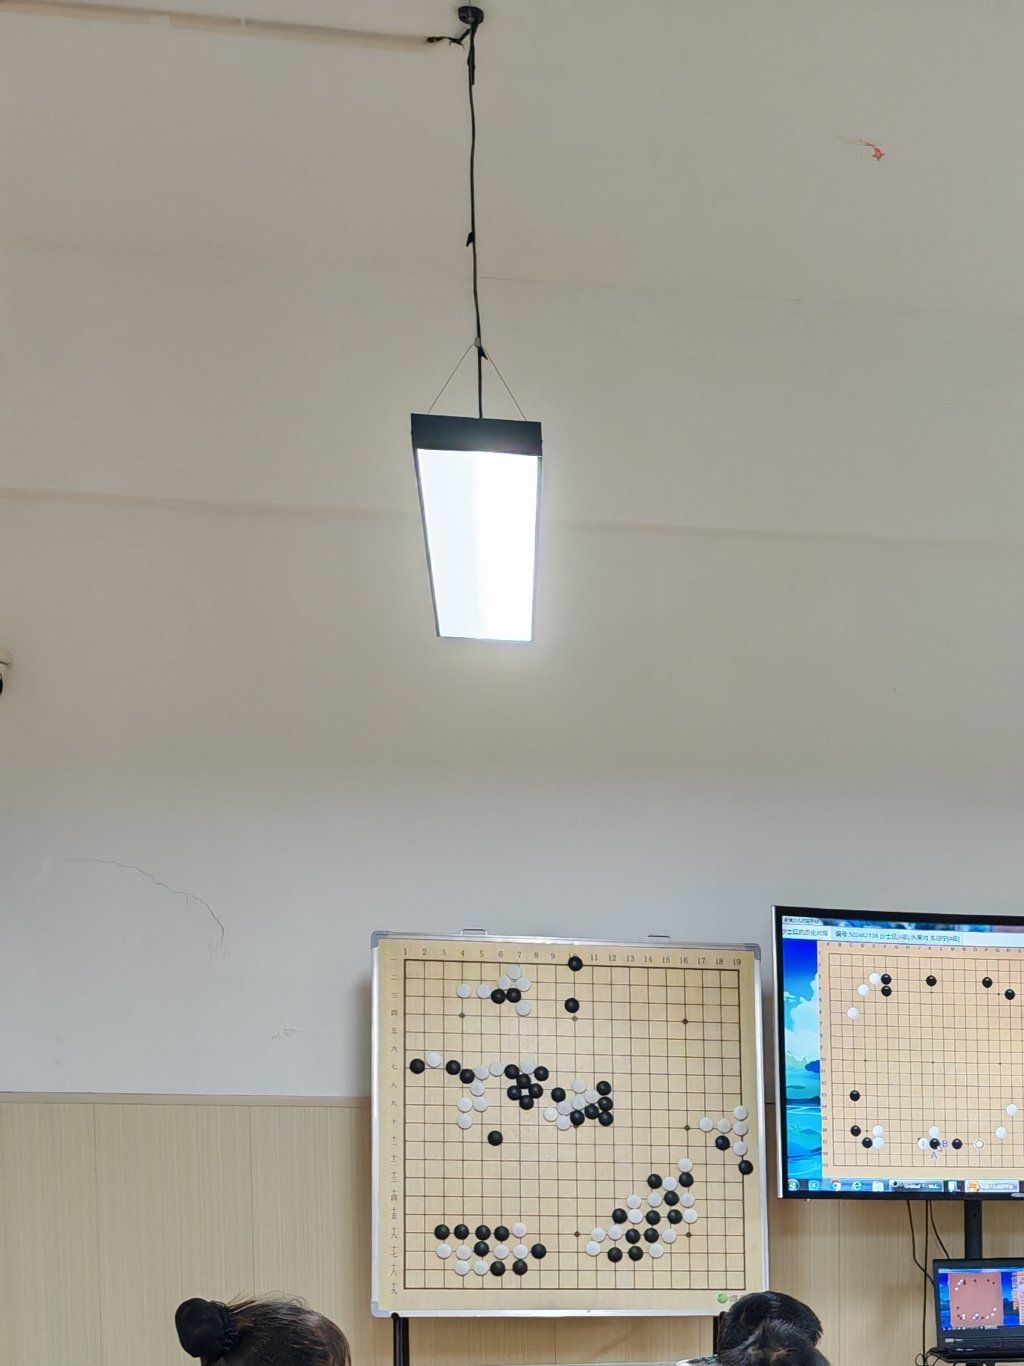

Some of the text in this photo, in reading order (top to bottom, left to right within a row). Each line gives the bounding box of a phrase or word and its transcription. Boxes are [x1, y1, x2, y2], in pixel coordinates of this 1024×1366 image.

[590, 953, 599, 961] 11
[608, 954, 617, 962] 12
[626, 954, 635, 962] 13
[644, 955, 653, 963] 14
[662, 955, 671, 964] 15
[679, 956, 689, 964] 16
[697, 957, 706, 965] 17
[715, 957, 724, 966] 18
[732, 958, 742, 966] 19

**PROBLEM STATEMENT:**
Every entry, word for word: repeat it, but skip the images.

**ANSWER FOR THE TASK:**
Some of the text in this photo, in reading order (top to bottom, left to right within a row). Each line gives the bounding box of a phrase or word and its transcription. Boxes are [x1, y1, x2, y2], in pixel coordinates of this 1024×1366 image.

[590, 953, 599, 961] 11
[608, 954, 617, 962] 12
[626, 954, 635, 962] 13
[644, 955, 653, 963] 14
[662, 955, 671, 964] 15
[679, 956, 689, 964] 16
[697, 957, 706, 965] 17
[715, 957, 724, 966] 18
[732, 958, 742, 966] 19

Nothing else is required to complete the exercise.